[Records from a dataset]

###

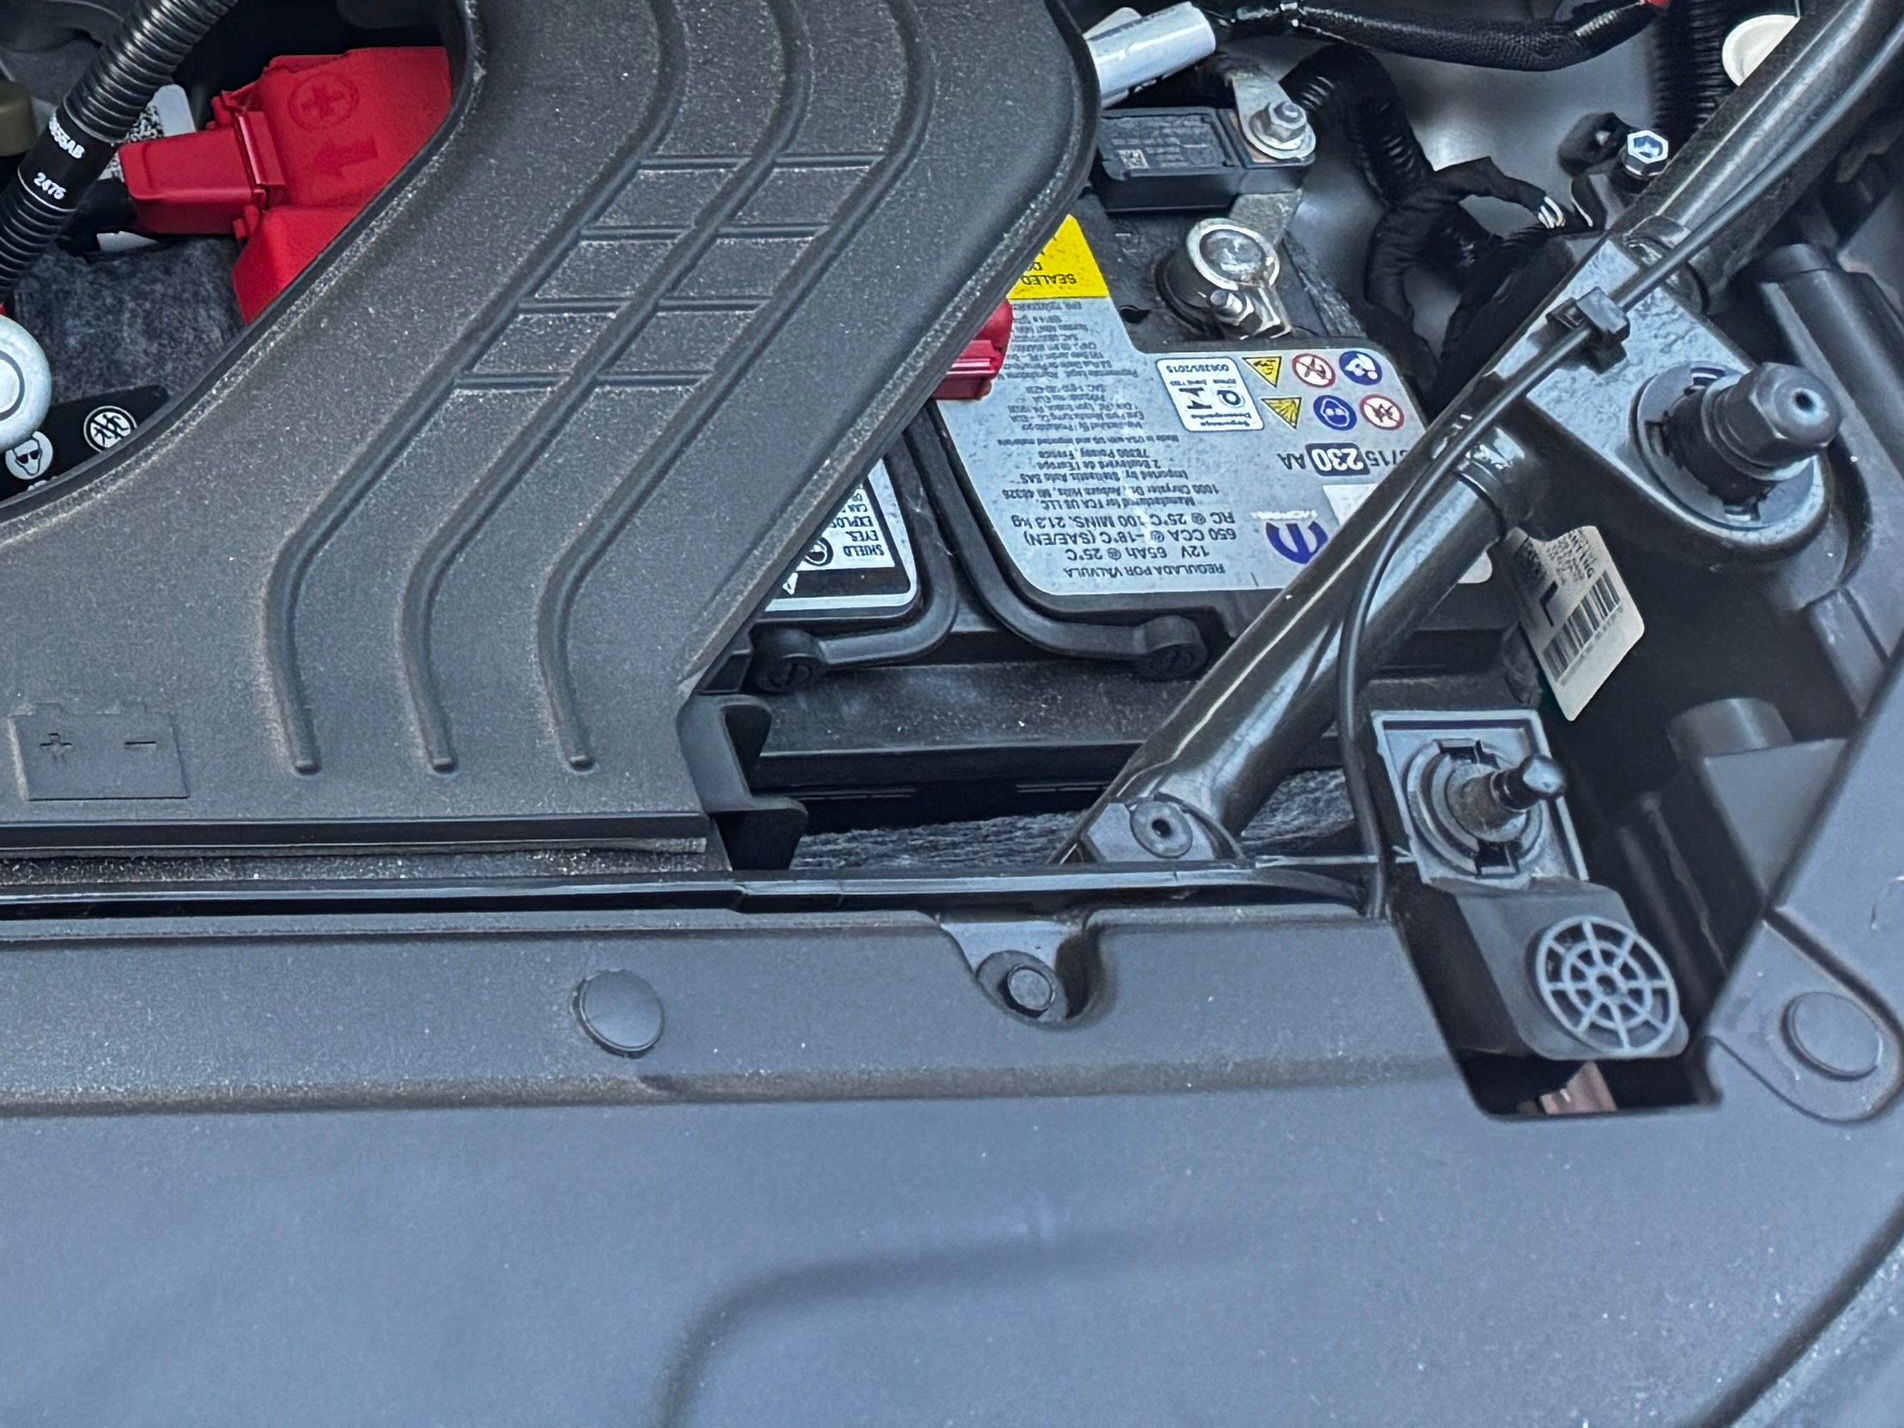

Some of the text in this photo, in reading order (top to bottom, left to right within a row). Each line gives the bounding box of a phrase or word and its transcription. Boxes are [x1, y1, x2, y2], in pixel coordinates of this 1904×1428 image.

[1020, 273, 1077, 286] SEALED
[1277, 452, 1306, 471] AA
[1309, 446, 1363, 472] 230
[1146, 482, 1191, 496] Chrysler
[1063, 499, 1080, 510] US
[1105, 498, 1121, 509] for
[1011, 514, 1030, 530] kg
[1117, 514, 1144, 528] 100
[1149, 512, 1187, 526] 25°C
[1190, 512, 1207, 526] @
[1210, 511, 1235, 525] RC
[1023, 529, 1096, 546] (SAE/EN)
[1150, 530, 1165, 544] @
[1167, 529, 1205, 543] CCA
[1207, 528, 1237, 542] 650
[842, 544, 884, 557] SHIELD
[1064, 545, 1210, 562] 12V 65Ah @ 25°C
[1123, 565, 1152, 577] POR
[1154, 564, 1226, 577] REGULADA

###

What is being asked –
Reproduce all the entries above exactly. Include no images.

Output for this task –
Some of the text in this photo, in reading order (top to bottom, left to right within a row). Each line gives the bounding box of a phrase or word and its transcription. Boxes are [x1, y1, x2, y2], in pixel coordinates of this 1904×1428 image.

[1020, 273, 1077, 286] SEALED
[1277, 452, 1306, 471] AA
[1309, 446, 1363, 472] 230
[1146, 482, 1191, 496] Chrysler
[1063, 499, 1080, 510] US
[1105, 498, 1121, 509] for
[1011, 514, 1030, 530] kg
[1117, 514, 1144, 528] 100
[1149, 512, 1187, 526] 25°C
[1190, 512, 1207, 526] @
[1210, 511, 1235, 525] RC
[1023, 529, 1096, 546] (SAE/EN)
[1150, 530, 1165, 544] @
[1167, 529, 1205, 543] CCA
[1207, 528, 1237, 542] 650
[842, 544, 884, 557] SHIELD
[1064, 545, 1210, 562] 12V 65Ah @ 25°C
[1123, 565, 1152, 577] POR
[1154, 564, 1226, 577] REGULADA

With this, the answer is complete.